— Task description —
Transcribe the records below word for word, leaving every picture out.

[[ Raw data open ]]

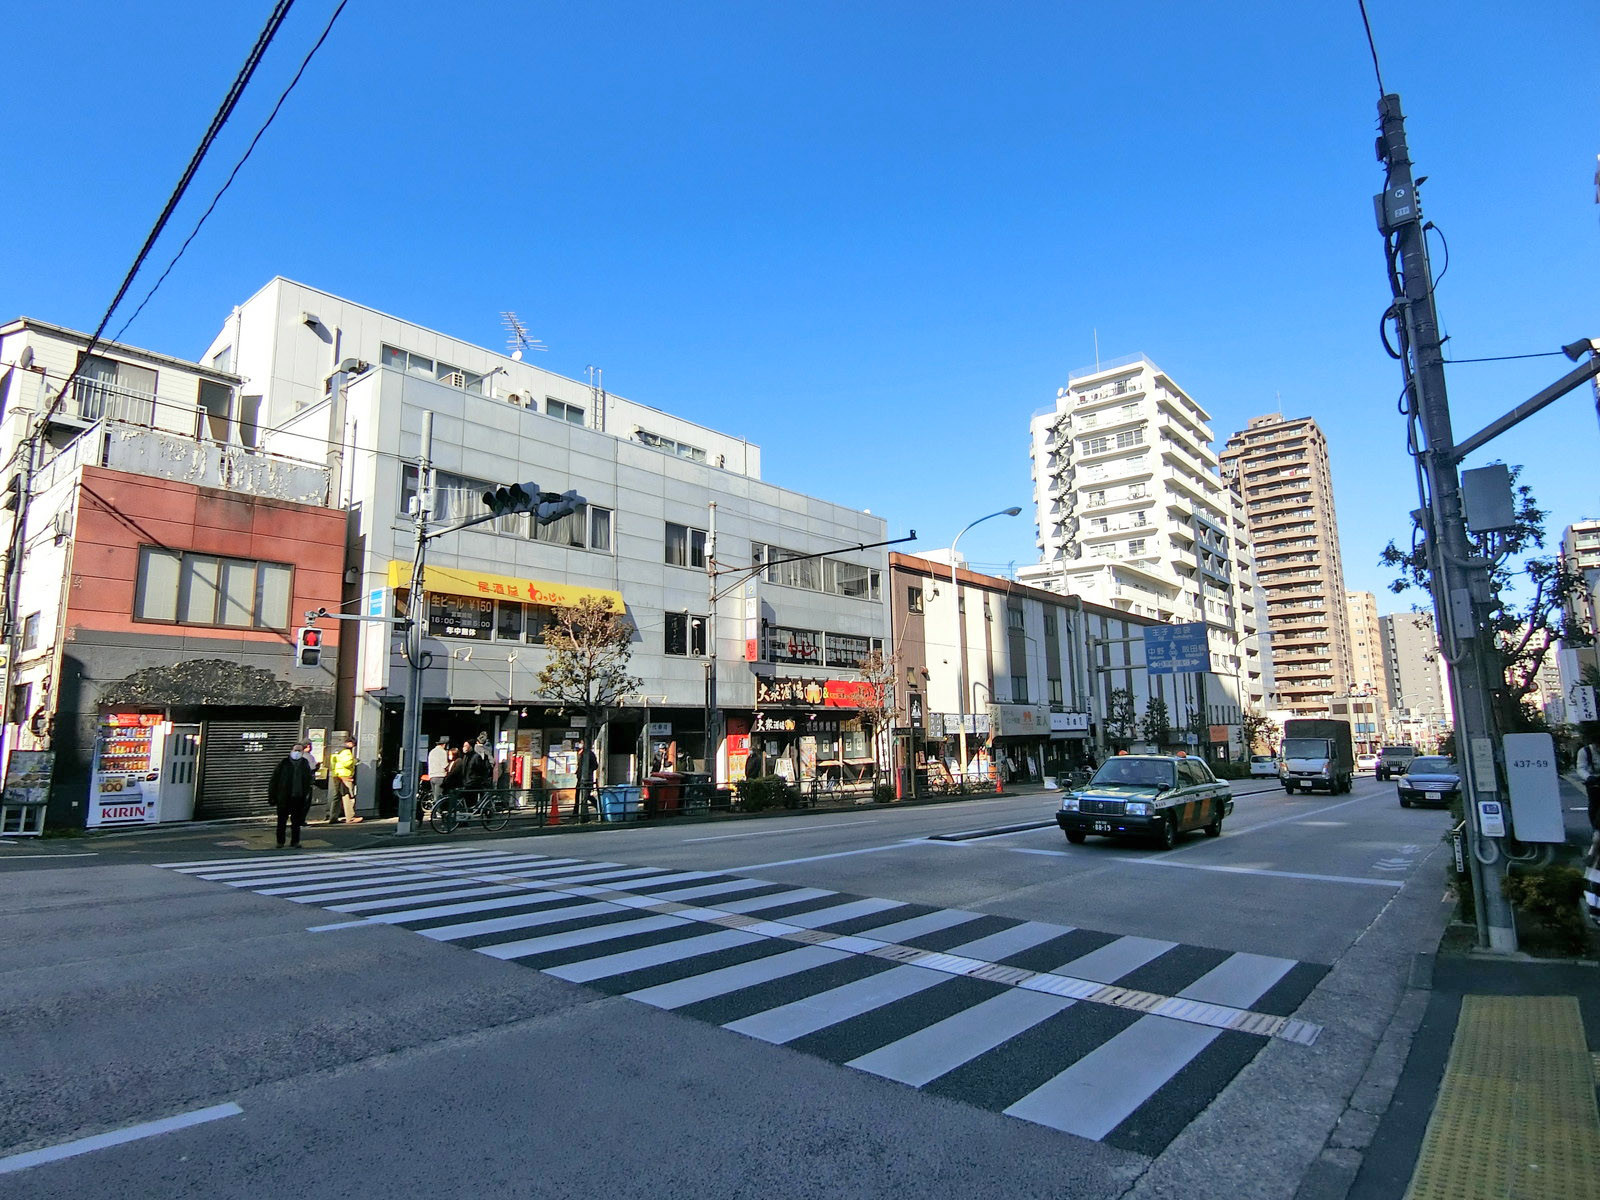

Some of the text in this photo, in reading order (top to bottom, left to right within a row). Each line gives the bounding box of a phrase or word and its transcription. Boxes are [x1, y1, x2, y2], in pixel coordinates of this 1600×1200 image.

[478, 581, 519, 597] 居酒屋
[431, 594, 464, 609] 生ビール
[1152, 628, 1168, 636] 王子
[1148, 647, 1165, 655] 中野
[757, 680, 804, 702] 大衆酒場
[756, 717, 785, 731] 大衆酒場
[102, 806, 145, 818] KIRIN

[[ Raw data closed ]]

— Finished exercise —
Some of the text in this photo, in reading order (top to bottom, left to right within a row). Each line gives the bounding box of a phrase or word and its transcription. Boxes are [x1, y1, x2, y2], in pixel coordinates of this 1600×1200 image.

[478, 581, 519, 597] 居酒屋
[431, 594, 464, 609] 生ビール
[1152, 628, 1168, 636] 王子
[1148, 647, 1165, 655] 中野
[757, 680, 804, 702] 大衆酒場
[756, 717, 785, 731] 大衆酒場
[102, 806, 145, 818] KIRIN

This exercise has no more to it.